Data for the task:

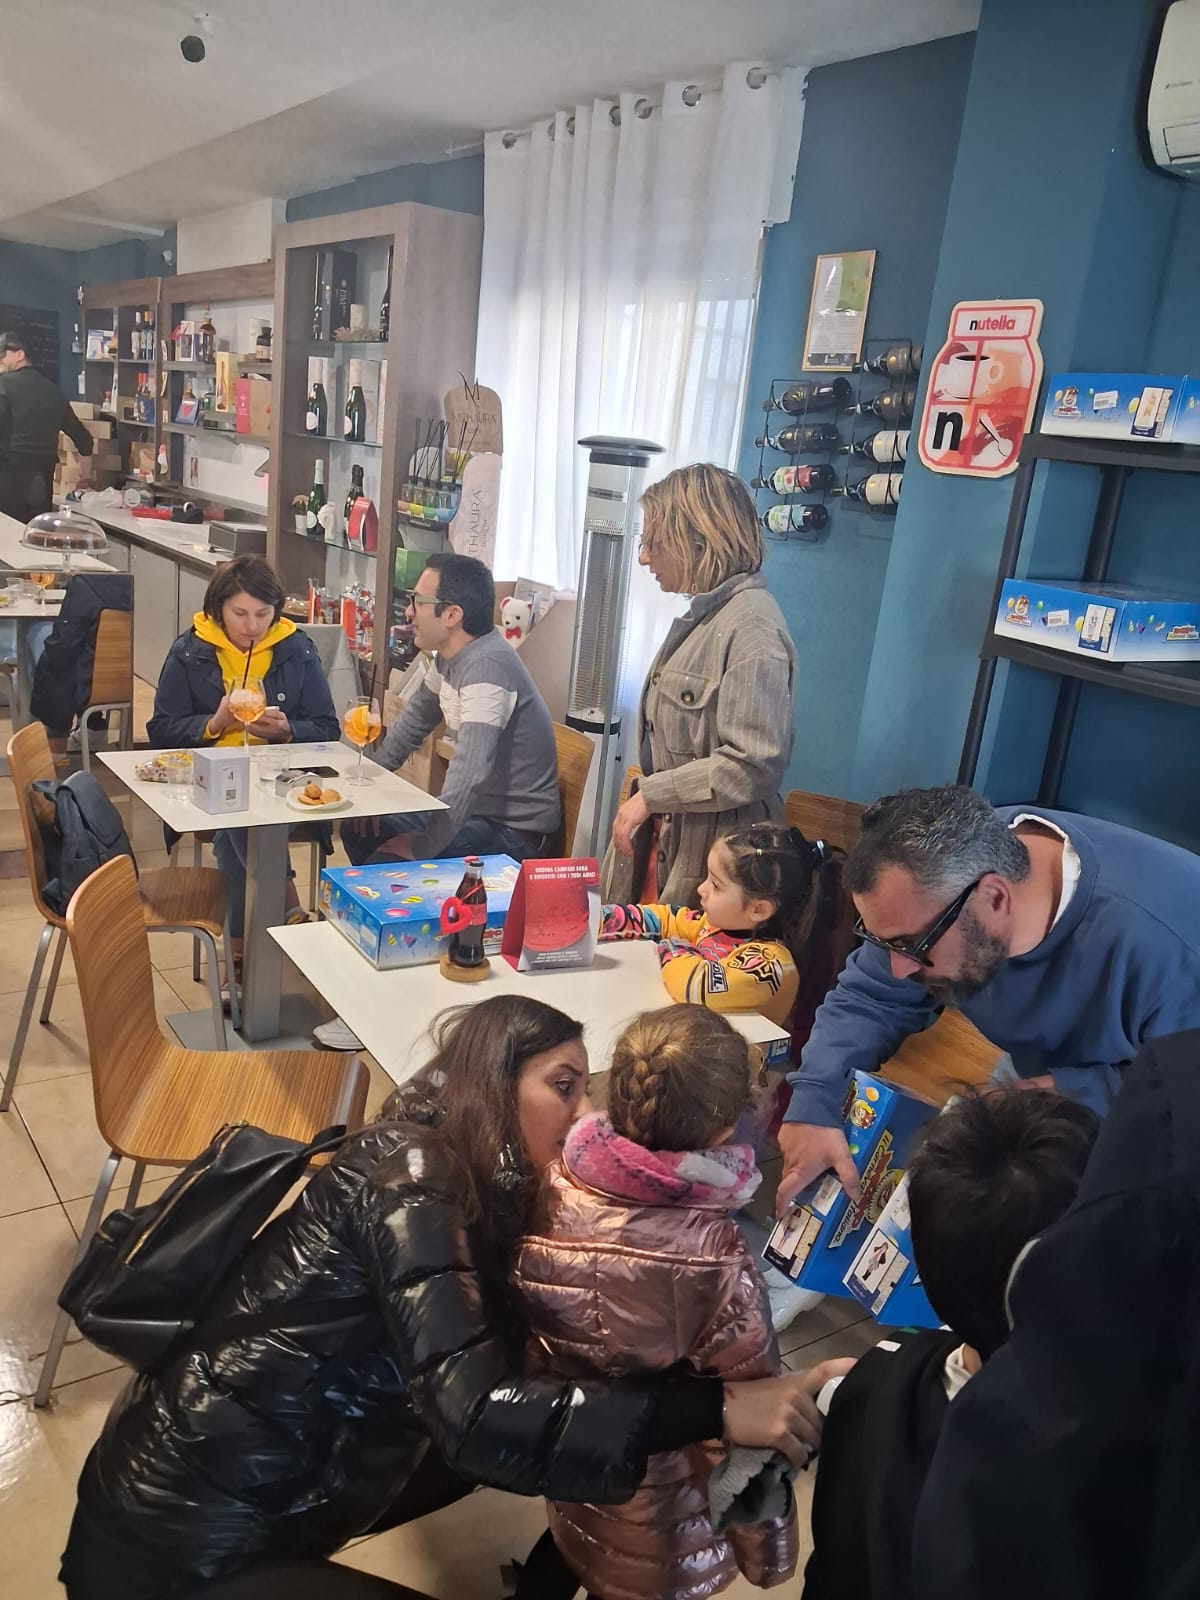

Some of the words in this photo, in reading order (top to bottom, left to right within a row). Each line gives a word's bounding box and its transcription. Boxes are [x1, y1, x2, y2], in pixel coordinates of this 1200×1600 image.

[969, 315, 1016, 331] nutella
[932, 411, 964, 451] n
[468, 488, 482, 553] THAURA
[860, 1146, 887, 1193] Carneva

Task item: Every entry belongs in the answer exactly as written, but no picture does.

Task response:
Some of the words in this photo, in reading order (top to bottom, left to right within a row). Each line gives a word's bounding box and its transcription. Boxes are [x1, y1, x2, y2], in pixel coordinates of this 1200×1600 image.

[969, 315, 1016, 331] nutella
[932, 411, 964, 451] n
[468, 488, 482, 553] THAURA
[860, 1146, 887, 1193] Carneva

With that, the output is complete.